Bildungswesen
Den ersten Hinweis auf einen jüdischen Lehrer gibt der
Vermerk im "Seelenregister" des Jahres 1771
"Der alte Judeninformator hat sich zum
Christen-Thum bekehrt".
In den Folgejahren tauchen wiederholt die Bezeichnungen
"Der Rebbe", "Der Schulmeister und Informator" auf, ohne
dass die Namen genannt werden. Erst im "Seelenregister"
des Jahres 1808 ist ein 1744 geborener Samuel Bähr
(Baer) namentlich genannt, der als "Schulmeister, Rebbe
und Seifensieder" bezeichnet wird.

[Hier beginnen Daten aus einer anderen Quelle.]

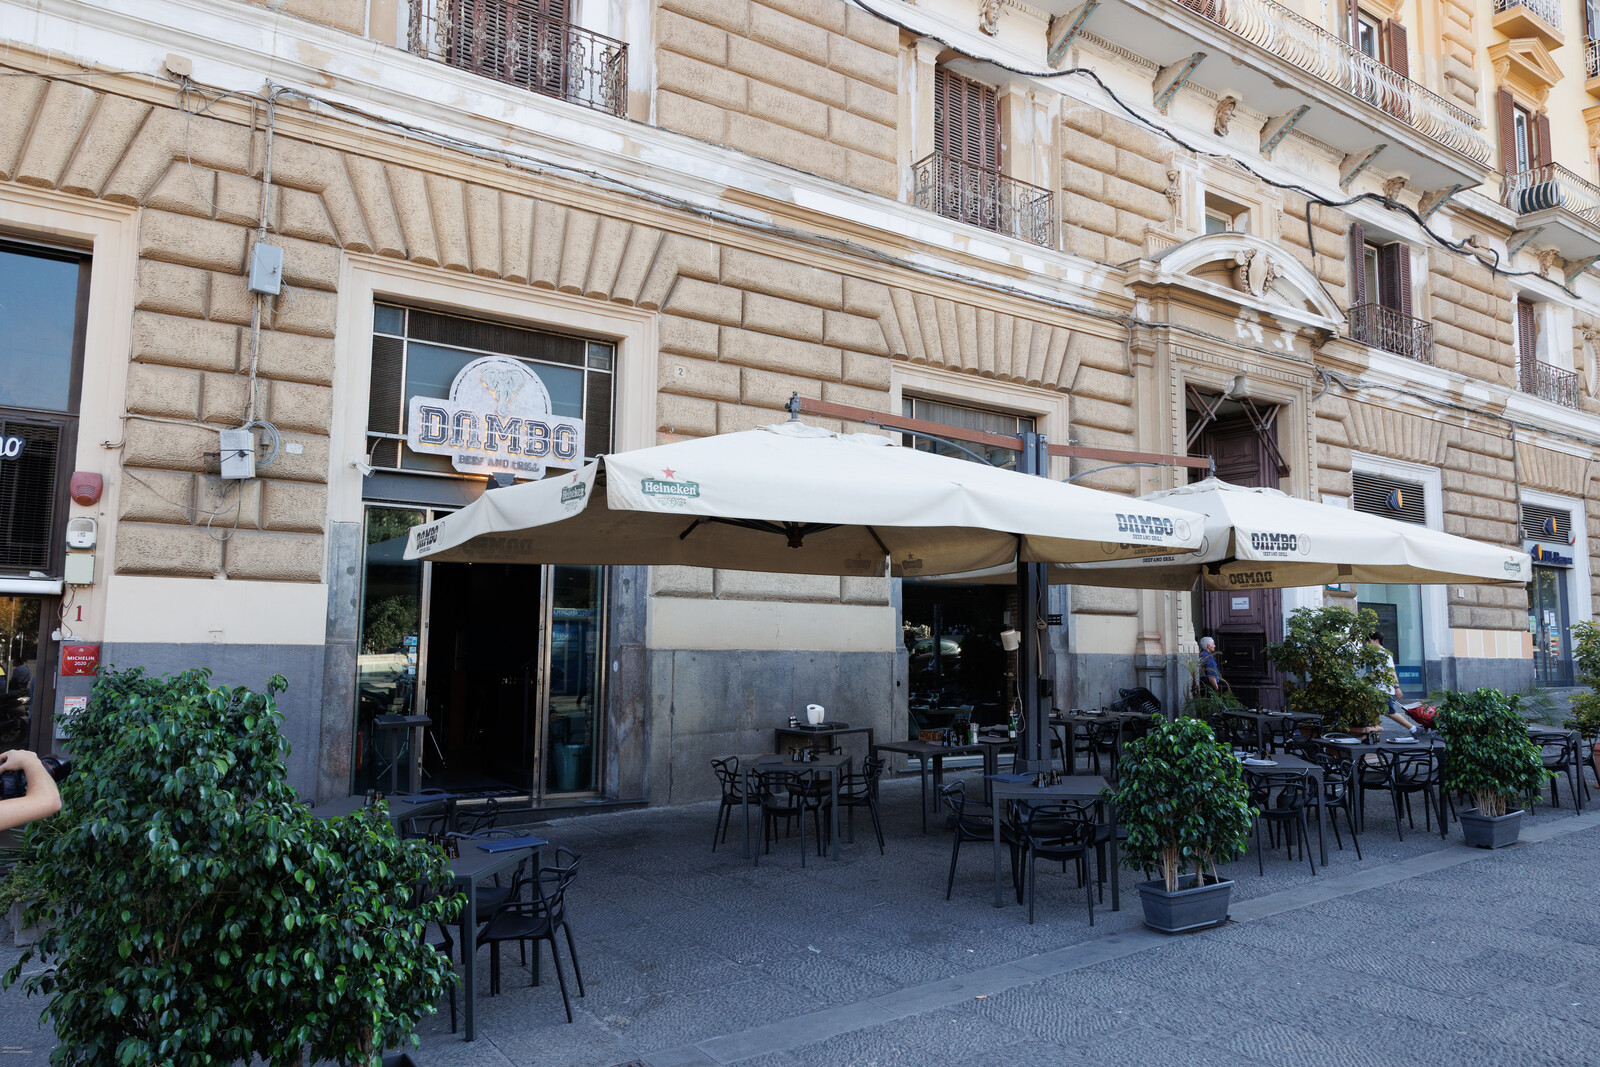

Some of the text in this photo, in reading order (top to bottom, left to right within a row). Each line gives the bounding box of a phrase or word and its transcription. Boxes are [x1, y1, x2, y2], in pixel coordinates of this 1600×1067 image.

Auch im Jahre 1826
ist "Rebbe Baer" im Register vermerkt.
Am 14. April 1823 erließ das Fürstlich Waldeckische Consistorium
in Arolsen die Verordnung über den Schulunterricht
der Judenkinder, durch die im Fürstentum die
Schulpflicht für die jüdischen Kinder eingeführt wurde.
Den Juden wurde aufgegeben, ihre Kinder in die öffentlichen
Schulen der Christen zu schicken, und sie an deren
Unterricht teilnehmen zu lassen, soweit er sich nicht
auf die Religion bezieht. Der Religionsunterricht wurde
weiterhin von jüdischen Lehrern erteilt. Die Schulpflicht
begann mit dem 7. Lebensjahr. Auf schulischem
Gebiet waren seit 1823 Juden und Christen gleichgestellt.
In der Verordnung von 1823 wurden die Ortsvorstände
und Lehrer dafür verantwortlich gemacht, dass die
Judenkinder mit gleicher Aufmerksamkeit wie die Kinder
der Christen zur Reinlichkeit, Ordnung und Anständigkeitsangehalten
werden, auch dass ihnen von keiner Seite eine
geringschätzige oder gar beleidigende Begegnung widerfahre.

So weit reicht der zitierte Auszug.